**Extracted data:**
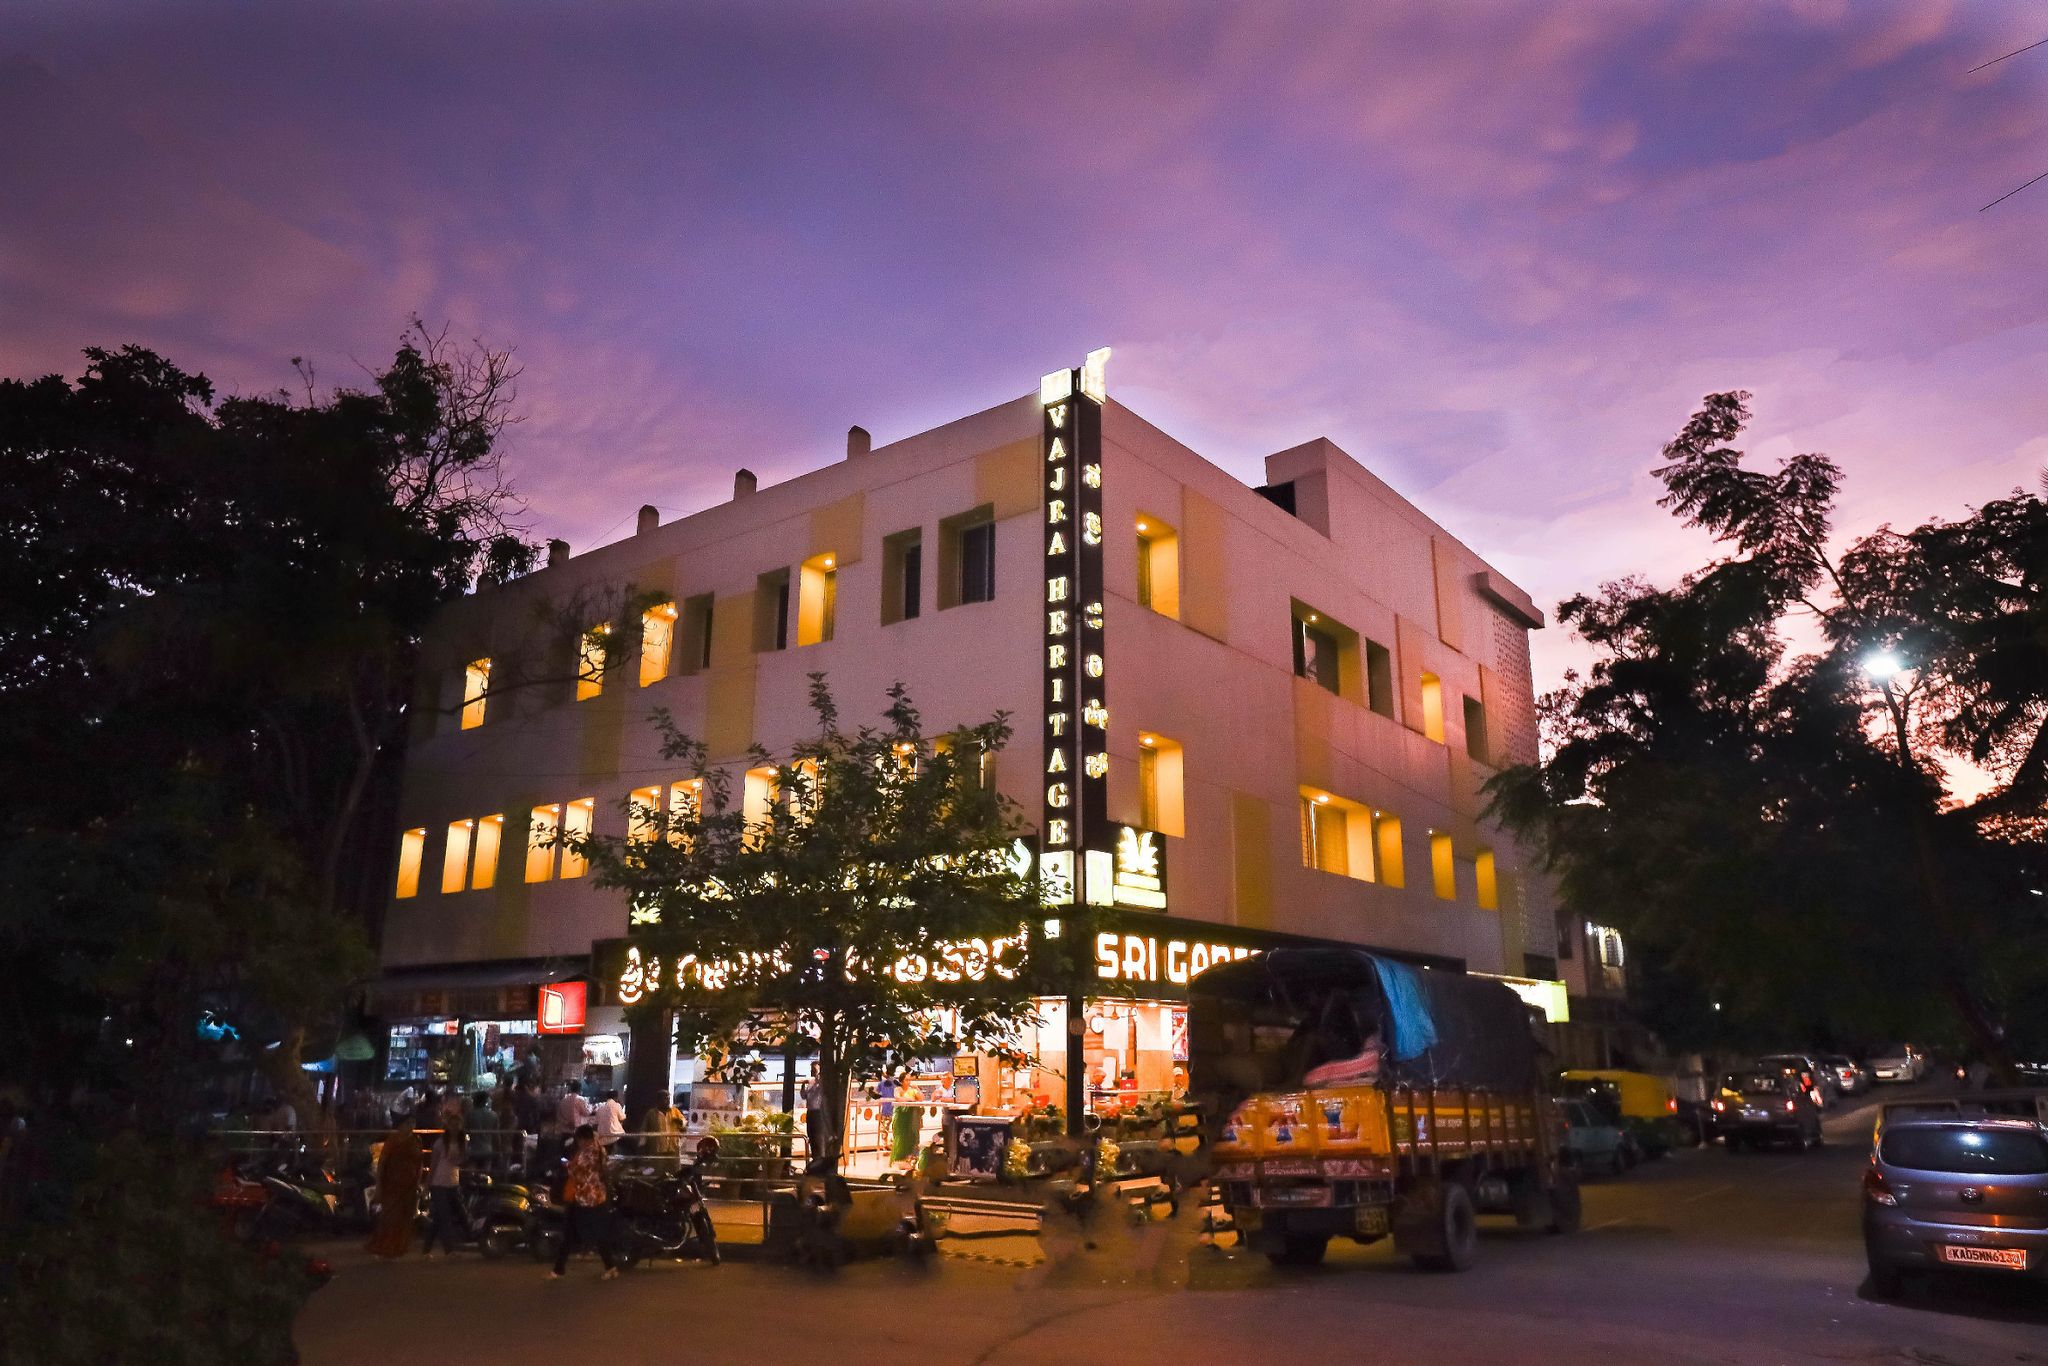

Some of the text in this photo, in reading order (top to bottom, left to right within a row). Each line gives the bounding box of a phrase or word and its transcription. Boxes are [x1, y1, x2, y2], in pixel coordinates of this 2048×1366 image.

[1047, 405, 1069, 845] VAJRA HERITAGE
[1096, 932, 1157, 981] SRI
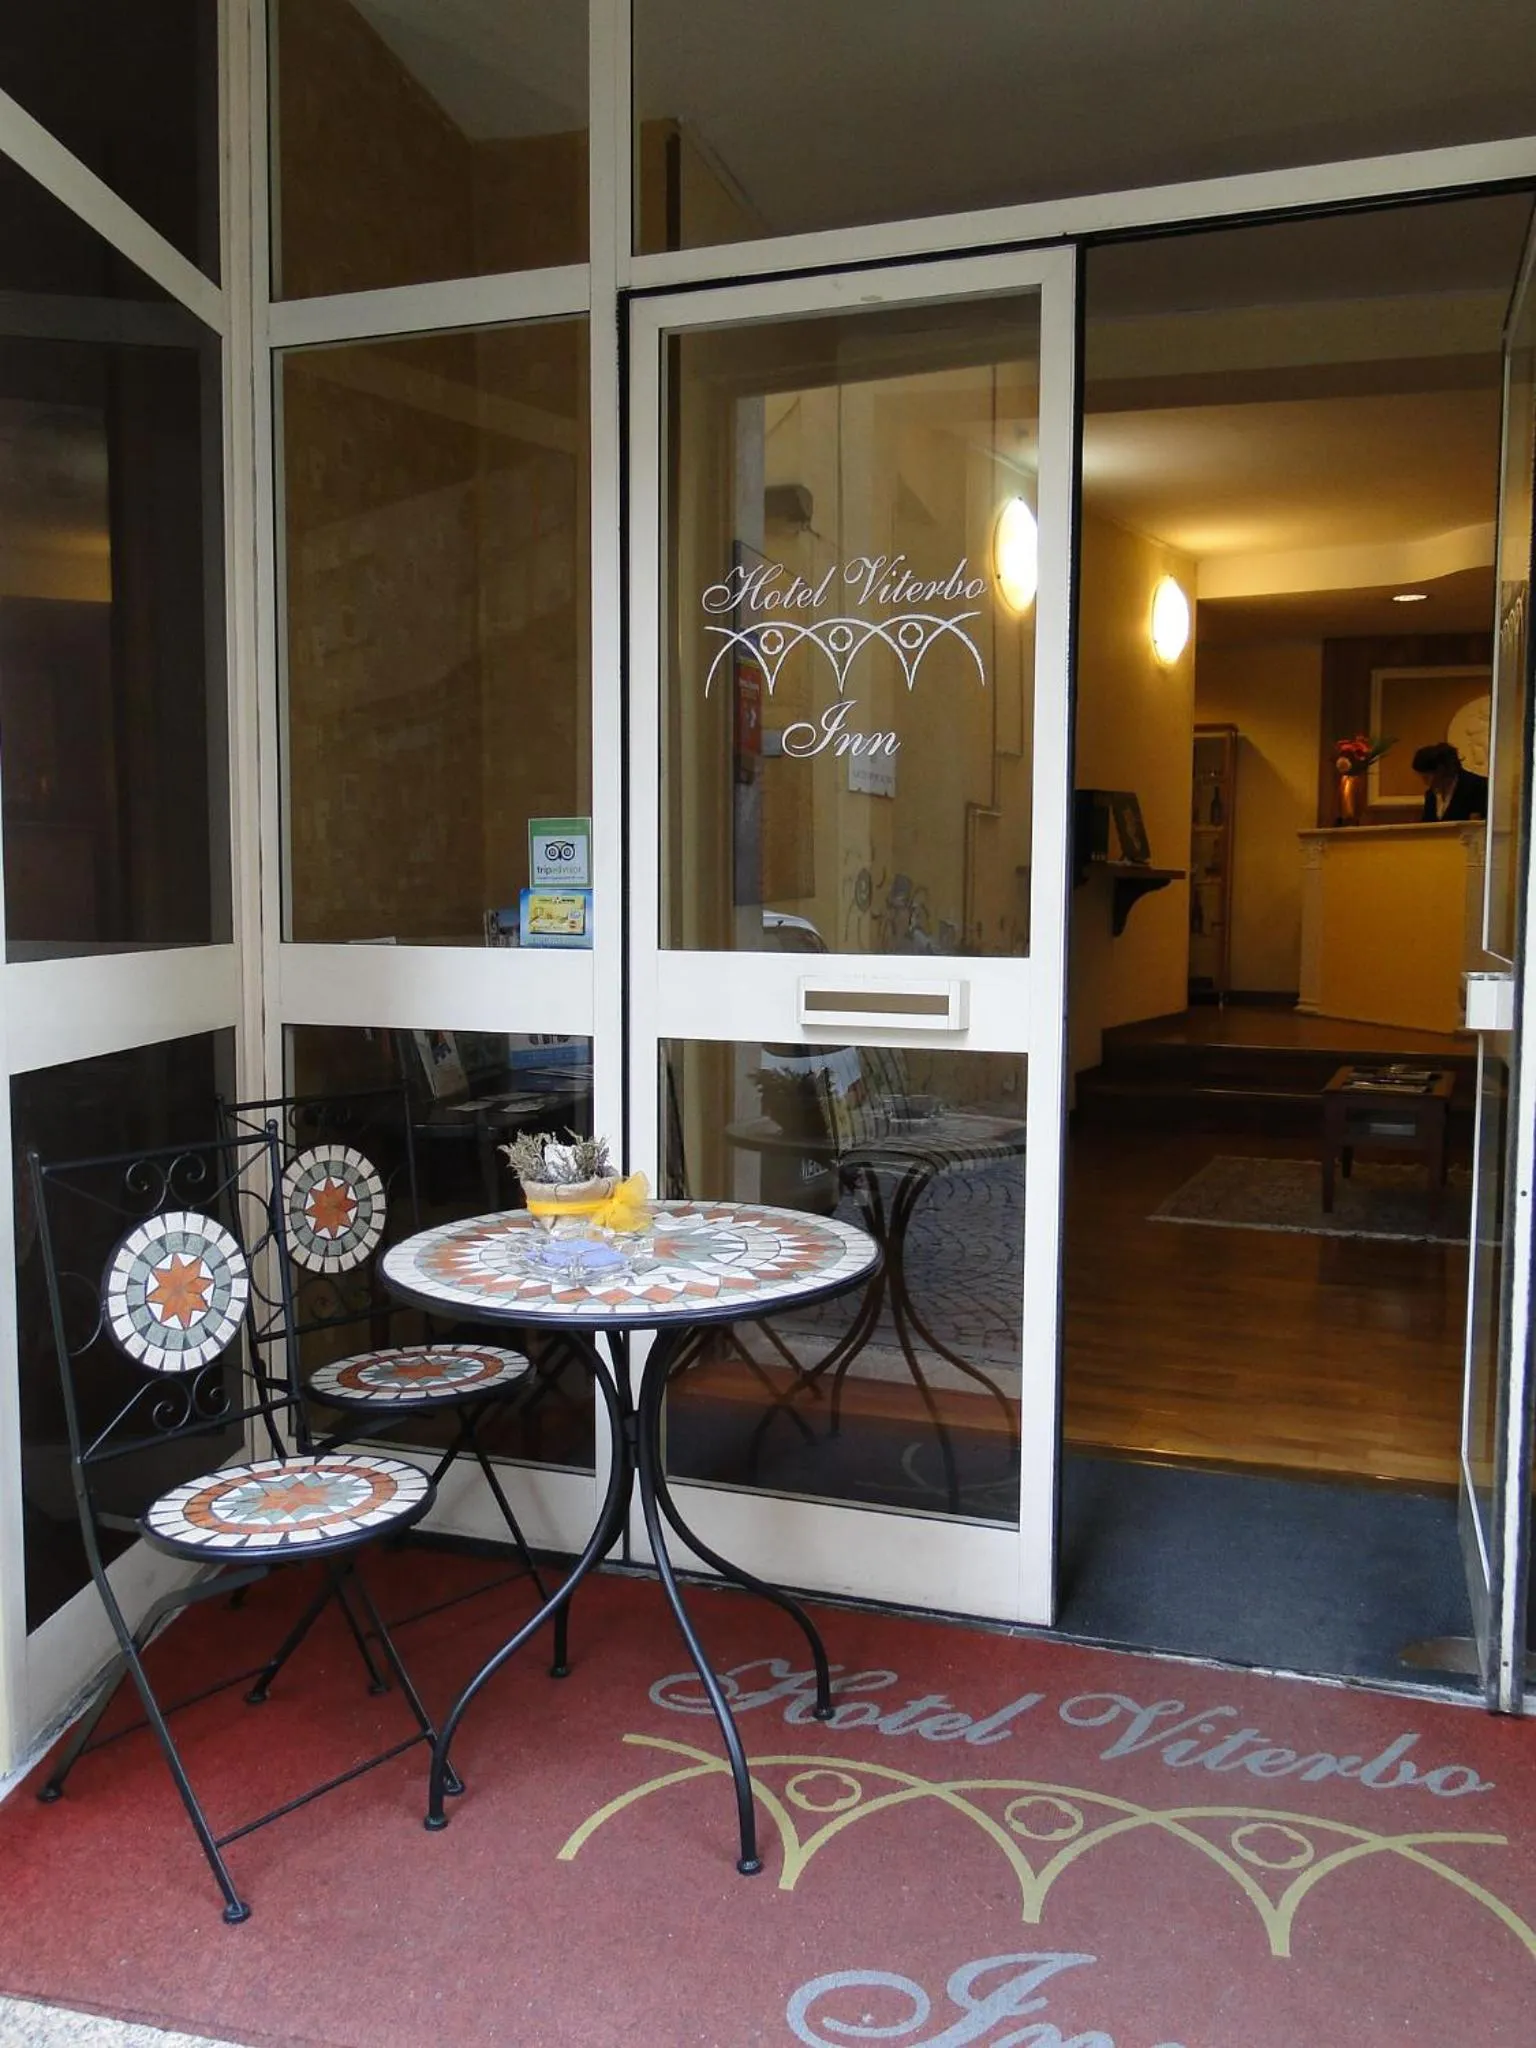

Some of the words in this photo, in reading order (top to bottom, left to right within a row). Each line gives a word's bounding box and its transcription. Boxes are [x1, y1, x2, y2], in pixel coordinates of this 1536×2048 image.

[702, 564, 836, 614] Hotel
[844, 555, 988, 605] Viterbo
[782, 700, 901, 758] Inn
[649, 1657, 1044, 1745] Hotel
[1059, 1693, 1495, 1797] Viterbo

**Work required:** Write out the material above precisely, leaving each picture behind.

**Output of the exercise:**
Some of the text in this photo, in reading order (top to bottom, left to right within a row). Each line gives the bounding box of a phrase or word and its transcription. Boxes are [x1, y1, x2, y2], in pixel coordinates of this 2048×1366 image.

[1047, 405, 1069, 845] VAJRA HERITAGE
[1096, 932, 1157, 981] SRI

Some of the words in this photo, in reading order (top to bottom, left to right within a row). Each line gives a word's bounding box and its transcription. Boxes are [x1, y1, x2, y2], in pixel coordinates of this 1536×2048 image.

[702, 564, 836, 614] Hotel
[844, 555, 988, 605] Viterbo
[782, 700, 901, 758] Inn
[649, 1657, 1044, 1745] Hotel
[1059, 1693, 1495, 1797] Viterbo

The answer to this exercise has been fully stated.